What is a binomial test?
A binomial test is an exact hypothesis test used when your outcome has two categories (success/failure, yes/no, pass/fail) and you want to compare an observed success rate against a hypothesized probability.
Example: if a coin is supposed to be fair (p₀ = 0.5) and you flip it 20 times, a binomial test tells you whether your observed number of heads is unusually high or low under that assumption.
When should you use this calculator?
- You have a fixed number of independent trials (
n). - Each trial has only two possible outcomes.
- The probability of success is assumed constant under the null hypothesis.
- You want an exact p-value rather than a normal approximation.
Inputs explained
1) Number of trials (n)
This is the total number of observations. It must be a positive integer.
2) Observed successes (k)
The count of successes in your sample. It must be an integer between 0 and n.
3) Null probability (p₀)
This is the expected success probability if the null hypothesis is true. Common values are 0.5, 0.25, 0.1, and so on.
4) Alternative hypothesis
- Two-sided: tests whether the true probability differs from
p₀. - Greater: tests whether the true probability is greater than
p₀. - Less: tests whether the true probability is less than
p₀.
How results are interpreted
The calculator reports an exact p-value. Compare that p-value with your significance level α:
- If
p-value < α, reject the null hypothesis. - If
p-value ≥ α, fail to reject the null hypothesis.

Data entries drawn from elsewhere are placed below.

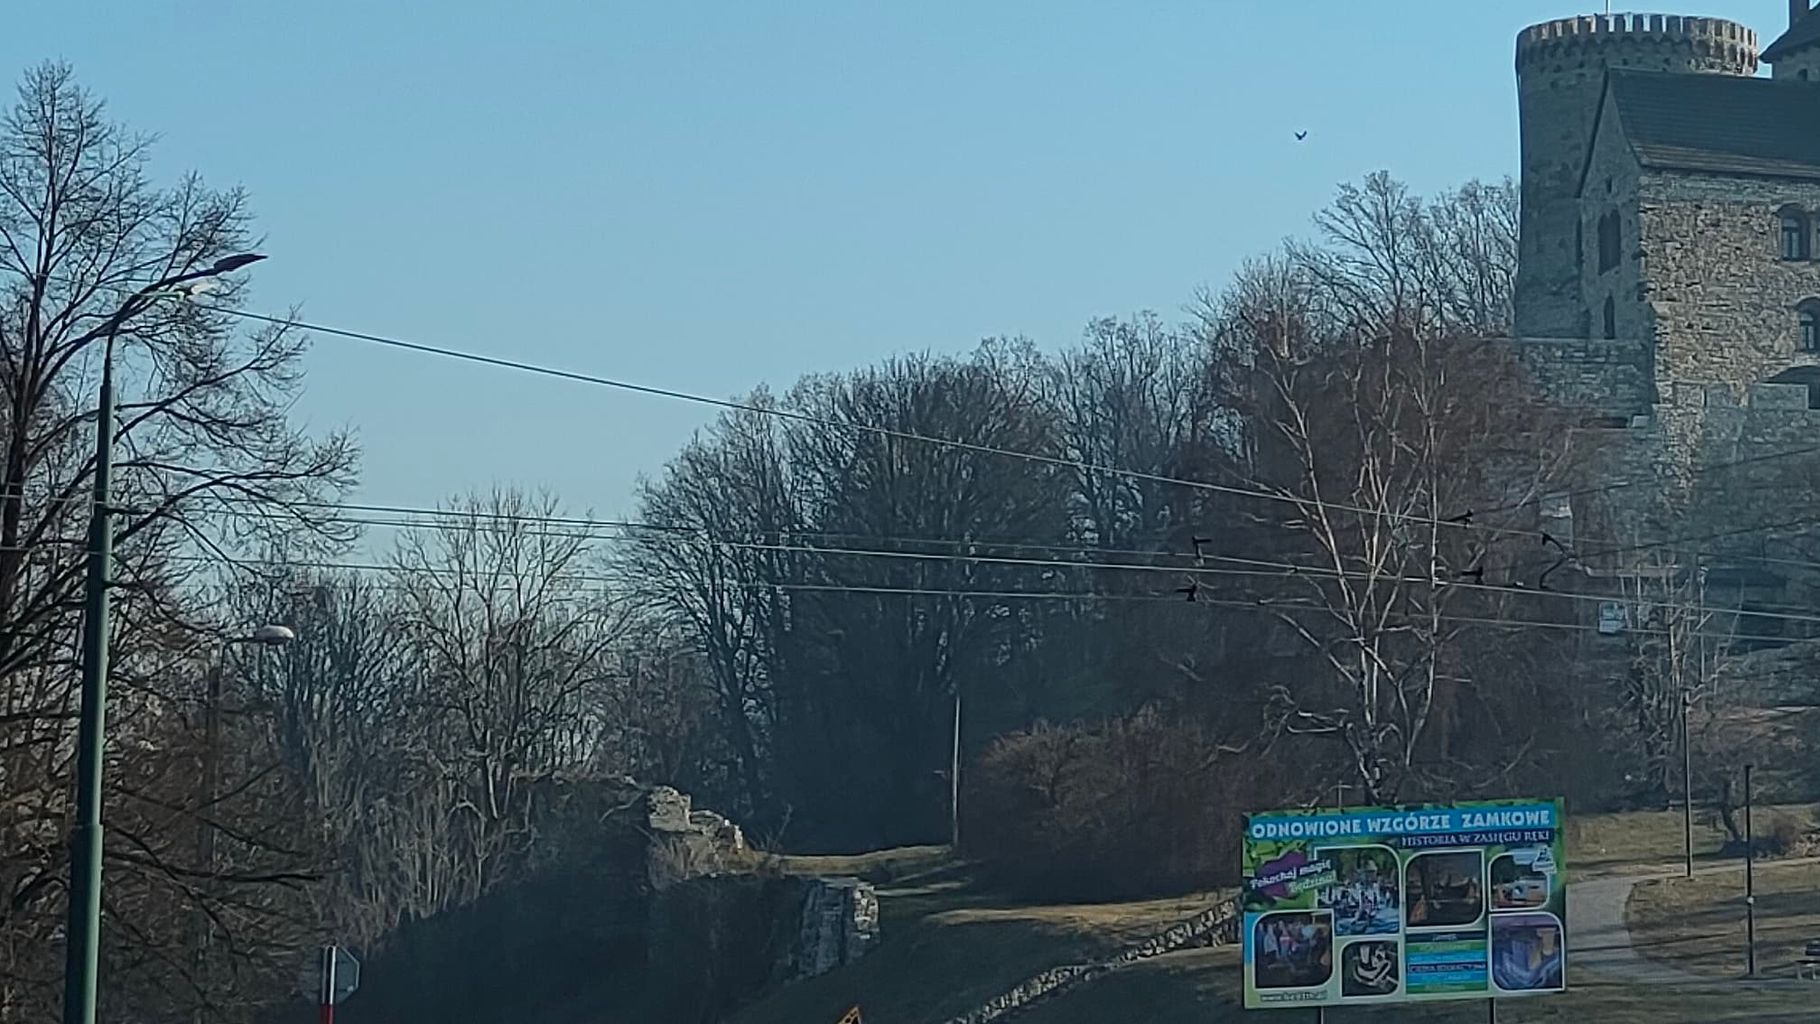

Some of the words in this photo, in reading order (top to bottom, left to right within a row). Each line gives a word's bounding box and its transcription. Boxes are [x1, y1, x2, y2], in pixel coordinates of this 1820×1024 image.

[1252, 819, 1362, 839] ODNOWIONE
[1367, 812, 1451, 833] WZGÓRZE
[1461, 810, 1550, 828] ZAMKOWE
[1402, 834, 1457, 847] HISTORIA
[1459, 833, 1471, 844] W
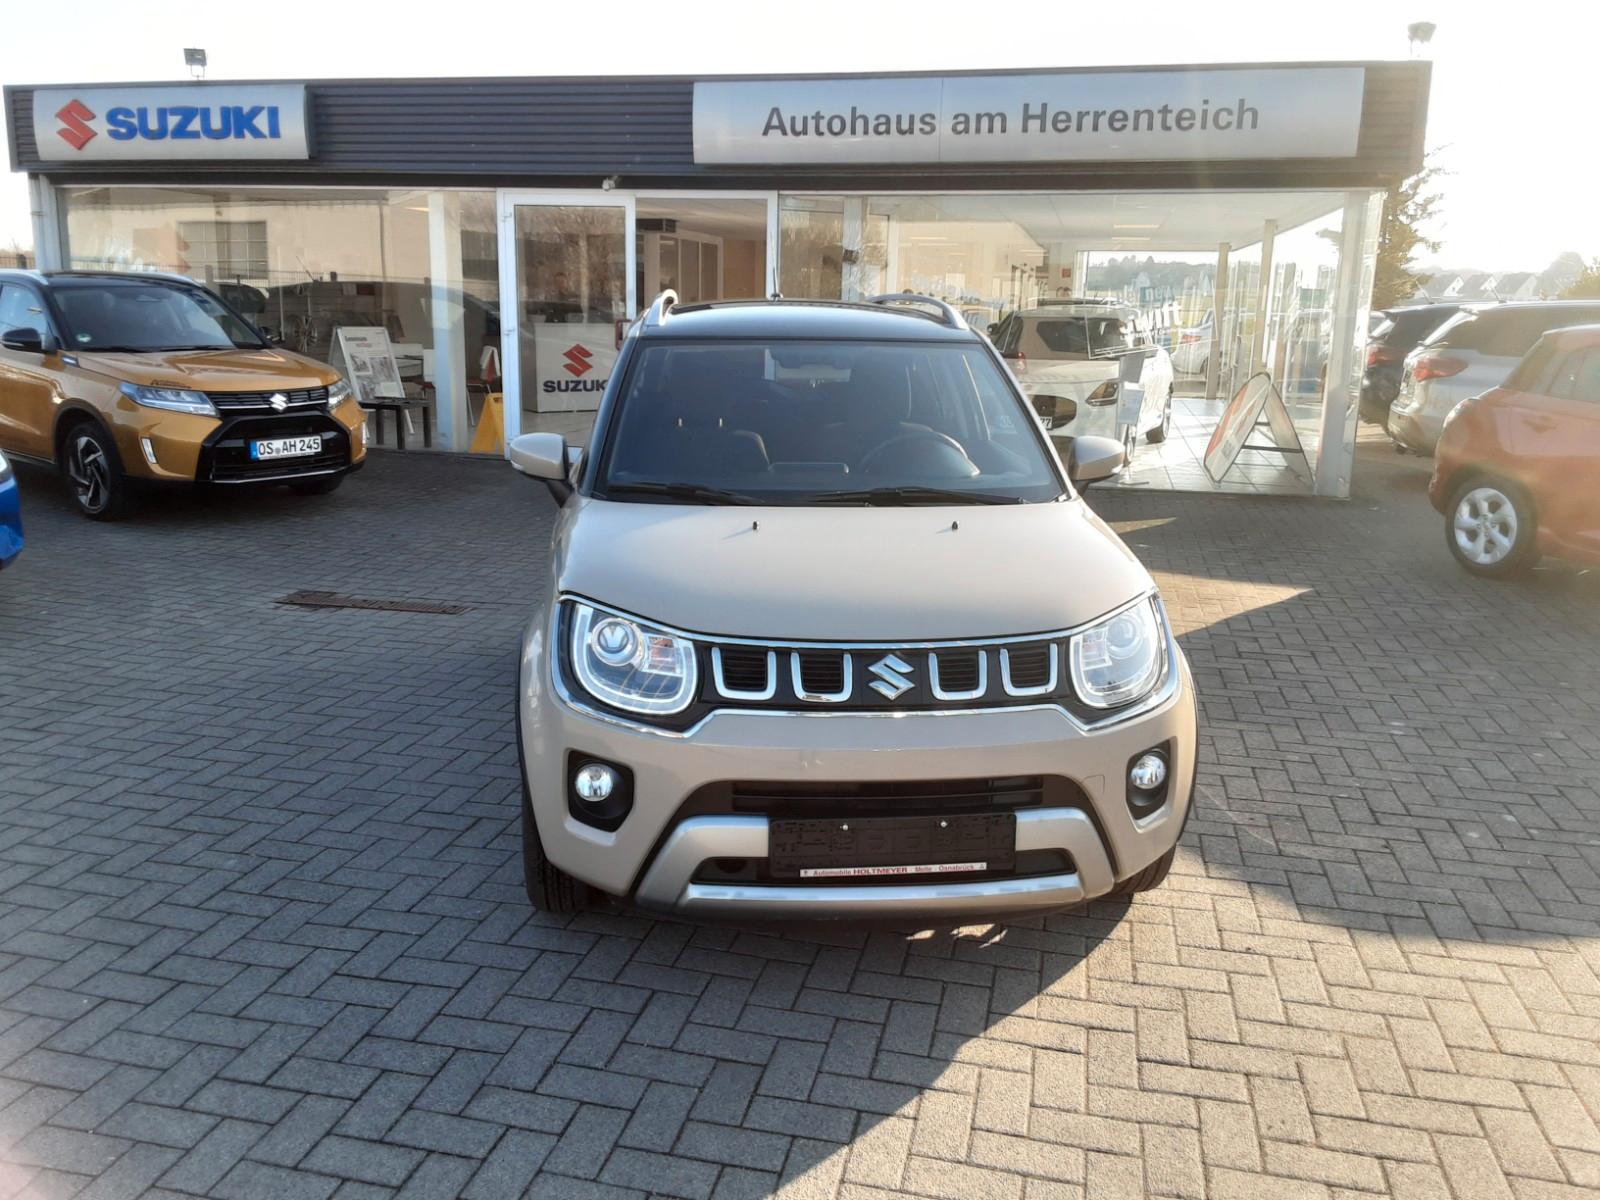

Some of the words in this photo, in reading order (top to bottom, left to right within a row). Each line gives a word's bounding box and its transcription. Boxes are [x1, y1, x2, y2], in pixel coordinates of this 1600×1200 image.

[106, 106, 281, 140] SUZUKI
[762, 106, 936, 137] Autohaus
[951, 111, 1008, 135] am
[1021, 98, 1259, 134] Herrenteich
[543, 379, 608, 393] SUZUK
[258, 442, 274, 455] OS
[281, 440, 297, 453] AH
[299, 438, 320, 452] 245
[853, 866, 908, 875] HOLTMEYER

“Fail to reject” does not prove the null is true; it means there is not enough evidence against it at the chosen alpha level.
Formula behind the test
Under the null, X ~ Binomial(n, p₀). The probability of exactly x successes is:
P(X = x) = C(n, x) p₀^x (1 - p₀)^(n - x)
For one-sided tests, p-values are tail probabilities like P(X ≤ k) or P(X ≥ k). For the two-sided exact test, this tool sums probabilities of outcomes that are as or more extreme than the observed outcome (based on probability mass under the null).
Practical example
Suppose a support team claims 80% first-contact resolution. You audit 50 tickets and find 33 resolved on first contact.

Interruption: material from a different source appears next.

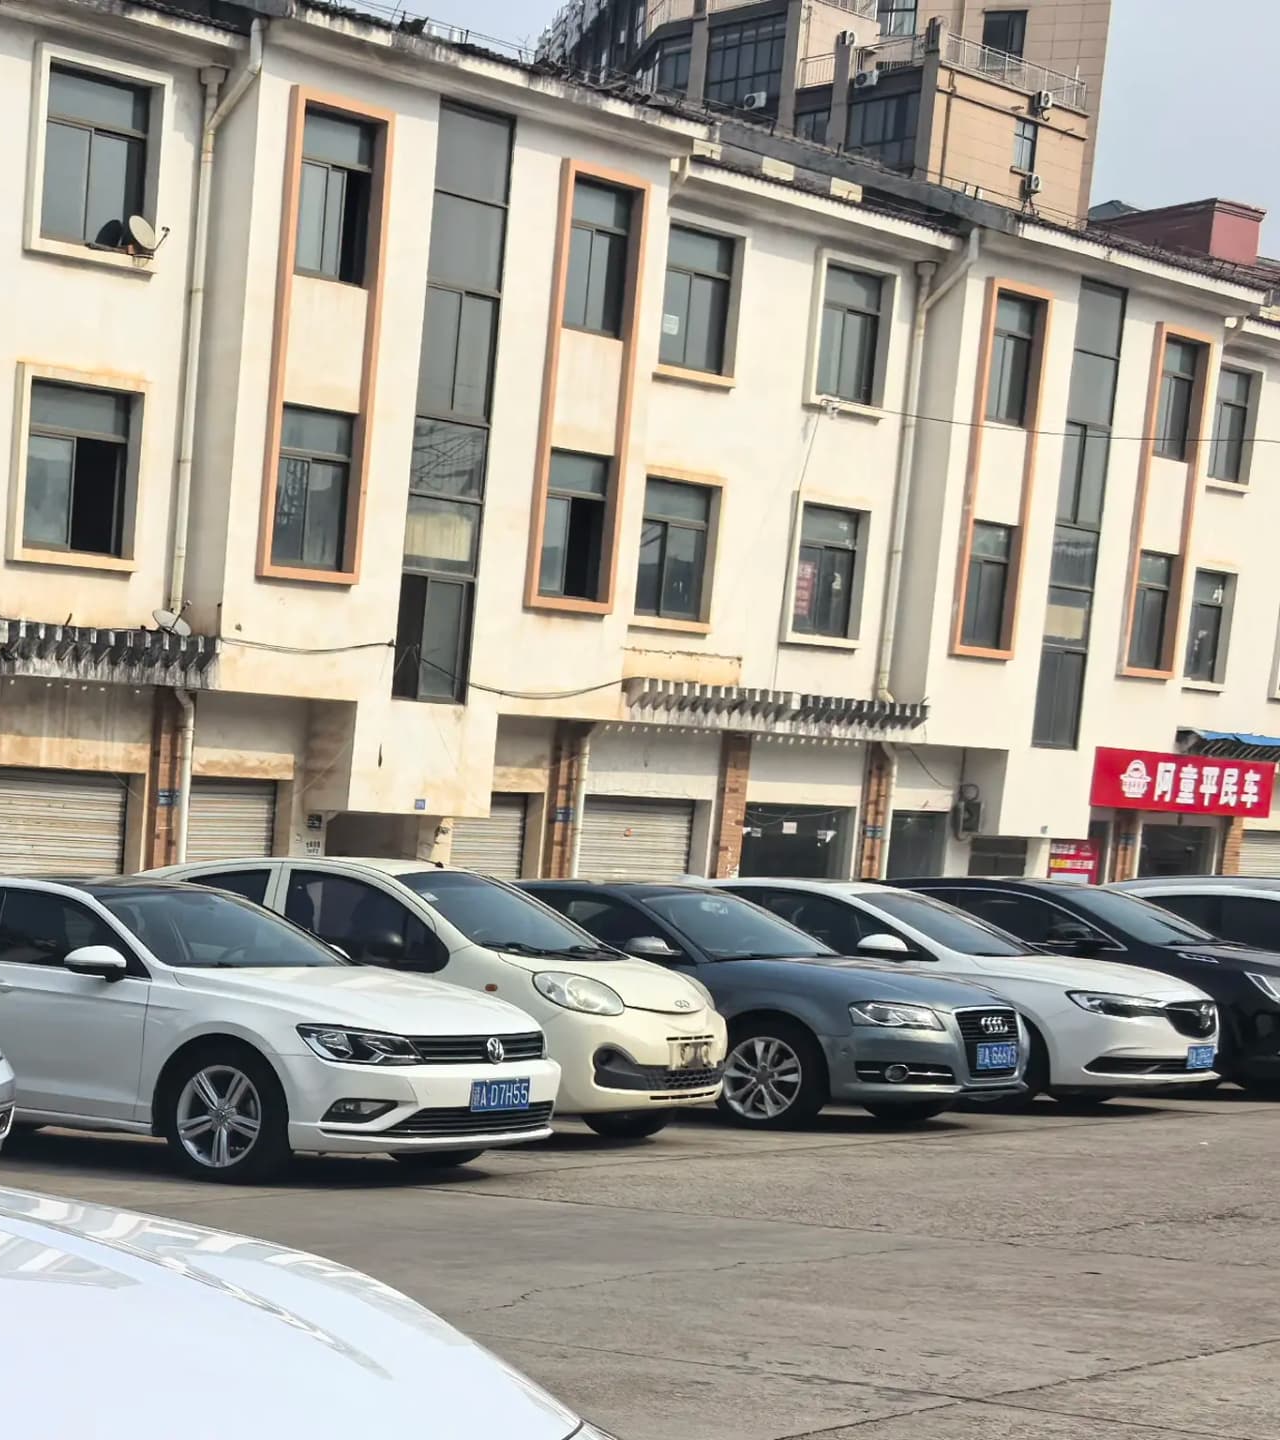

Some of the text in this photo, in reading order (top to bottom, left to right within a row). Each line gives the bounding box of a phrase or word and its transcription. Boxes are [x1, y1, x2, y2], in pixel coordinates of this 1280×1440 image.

n = 50k = 33p₀ = 0.80- Alternative:
p < 0.80
Enter those values to test whether performance is significantly below the target.
Common mistakes to avoid
- Using percentages instead of proportions (enter 0.8, not 80).
- Choosing the wrong tail direction for the research question.
- Interpreting p-value as the probability the null is true (it is not).
- Ignoring study design assumptions such as independence of trials.
Final notes
This binomial test calculator is ideal for quality checks, A/B outcomes, coin-flip style examples, and pass/fail process data. For large-sample settings, normal approximations can be useful, but exact binomial inference is often preferable when sample sizes are modest or proportions are near 0 or 1.